▶ [GOAL OF THE EXERCISE]:
Each entry, as given, must be output unchanged.

▶ [TASK INPUTS]:
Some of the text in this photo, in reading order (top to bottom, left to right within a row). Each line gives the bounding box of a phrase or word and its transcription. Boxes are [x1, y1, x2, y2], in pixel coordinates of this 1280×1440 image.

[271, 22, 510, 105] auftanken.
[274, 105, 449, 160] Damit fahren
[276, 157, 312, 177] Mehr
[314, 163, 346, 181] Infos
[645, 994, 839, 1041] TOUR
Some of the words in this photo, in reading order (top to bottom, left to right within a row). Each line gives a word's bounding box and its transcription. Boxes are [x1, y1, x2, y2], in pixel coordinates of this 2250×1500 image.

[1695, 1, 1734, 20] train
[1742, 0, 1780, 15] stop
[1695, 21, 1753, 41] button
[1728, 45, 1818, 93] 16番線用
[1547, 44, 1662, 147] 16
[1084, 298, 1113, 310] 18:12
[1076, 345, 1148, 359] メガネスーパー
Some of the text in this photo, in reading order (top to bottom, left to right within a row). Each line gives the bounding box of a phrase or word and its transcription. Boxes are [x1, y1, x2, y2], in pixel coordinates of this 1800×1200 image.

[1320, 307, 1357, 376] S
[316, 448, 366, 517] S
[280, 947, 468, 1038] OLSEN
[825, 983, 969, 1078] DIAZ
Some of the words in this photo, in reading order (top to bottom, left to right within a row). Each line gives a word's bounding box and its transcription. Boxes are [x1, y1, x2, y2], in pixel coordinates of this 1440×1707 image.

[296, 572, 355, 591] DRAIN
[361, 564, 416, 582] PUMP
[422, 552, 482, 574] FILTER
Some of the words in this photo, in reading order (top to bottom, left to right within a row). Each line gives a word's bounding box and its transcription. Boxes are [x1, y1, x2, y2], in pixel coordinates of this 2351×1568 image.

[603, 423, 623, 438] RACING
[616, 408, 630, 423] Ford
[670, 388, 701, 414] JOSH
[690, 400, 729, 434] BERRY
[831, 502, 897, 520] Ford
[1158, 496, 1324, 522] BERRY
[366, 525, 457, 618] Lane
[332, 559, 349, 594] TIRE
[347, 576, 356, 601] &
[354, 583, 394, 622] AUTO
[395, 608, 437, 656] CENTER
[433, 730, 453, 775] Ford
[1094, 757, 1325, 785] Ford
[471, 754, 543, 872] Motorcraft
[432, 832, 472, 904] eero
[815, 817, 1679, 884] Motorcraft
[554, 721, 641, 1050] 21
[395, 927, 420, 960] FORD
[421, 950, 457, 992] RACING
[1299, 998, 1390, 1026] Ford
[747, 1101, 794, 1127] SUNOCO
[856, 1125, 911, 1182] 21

▶ [SOLUTION BELOW]:
Some of the text in this photo, in reading order (top to bottom, left to right within a row). Each line gives the bounding box of a phrase or word and its transcription. Boxes are [x1, y1, x2, y2], in pixel coordinates of this 1280×1440 image.

[271, 22, 510, 105] auftanken.
[274, 105, 449, 160] Damit fahren
[276, 157, 312, 177] Mehr
[314, 163, 346, 181] Infos
[645, 994, 839, 1041] TOUR
Some of the words in this photo, in reading order (top to bottom, left to right within a row). Each line gives a word's bounding box and its transcription. Boxes are [x1, y1, x2, y2], in pixel coordinates of this 2250×1500 image.

[1695, 1, 1734, 20] train
[1742, 0, 1780, 15] stop
[1695, 21, 1753, 41] button
[1728, 45, 1818, 93] 16番線用
[1547, 44, 1662, 147] 16
[1084, 298, 1113, 310] 18:12
[1076, 345, 1148, 359] メガネスーパー
Some of the text in this photo, in reading order (top to bottom, left to right within a row). Each line gives the bounding box of a phrase or word and its transcription. Boxes are [x1, y1, x2, y2], in pixel coordinates of this 1800×1200 image.

[1320, 307, 1357, 376] S
[316, 448, 366, 517] S
[280, 947, 468, 1038] OLSEN
[825, 983, 969, 1078] DIAZ
Some of the words in this photo, in reading order (top to bottom, left to right within a row). Each line gives a word's bounding box and its transcription. Boxes are [x1, y1, x2, y2], in pixel coordinates of this 1440×1707 image.

[296, 572, 355, 591] DRAIN
[361, 564, 416, 582] PUMP
[422, 552, 482, 574] FILTER
Some of the words in this photo, in reading order (top to bottom, left to right within a row). Each line gives a word's bounding box and its transcription. Boxes are [x1, y1, x2, y2], in pixel coordinates of this 2351×1568 image.

[603, 423, 623, 438] RACING
[616, 408, 630, 423] Ford
[670, 388, 701, 414] JOSH
[690, 400, 729, 434] BERRY
[831, 502, 897, 520] Ford
[1158, 496, 1324, 522] BERRY
[366, 525, 457, 618] Lane
[332, 559, 349, 594] TIRE
[347, 576, 356, 601] &
[354, 583, 394, 622] AUTO
[395, 608, 437, 656] CENTER
[433, 730, 453, 775] Ford
[1094, 757, 1325, 785] Ford
[471, 754, 543, 872] Motorcraft
[432, 832, 472, 904] eero
[815, 817, 1679, 884] Motorcraft
[554, 721, 641, 1050] 21
[395, 927, 420, 960] FORD
[421, 950, 457, 992] RACING
[1299, 998, 1390, 1026] Ford
[747, 1101, 794, 1127] SUNOCO
[856, 1125, 911, 1182] 21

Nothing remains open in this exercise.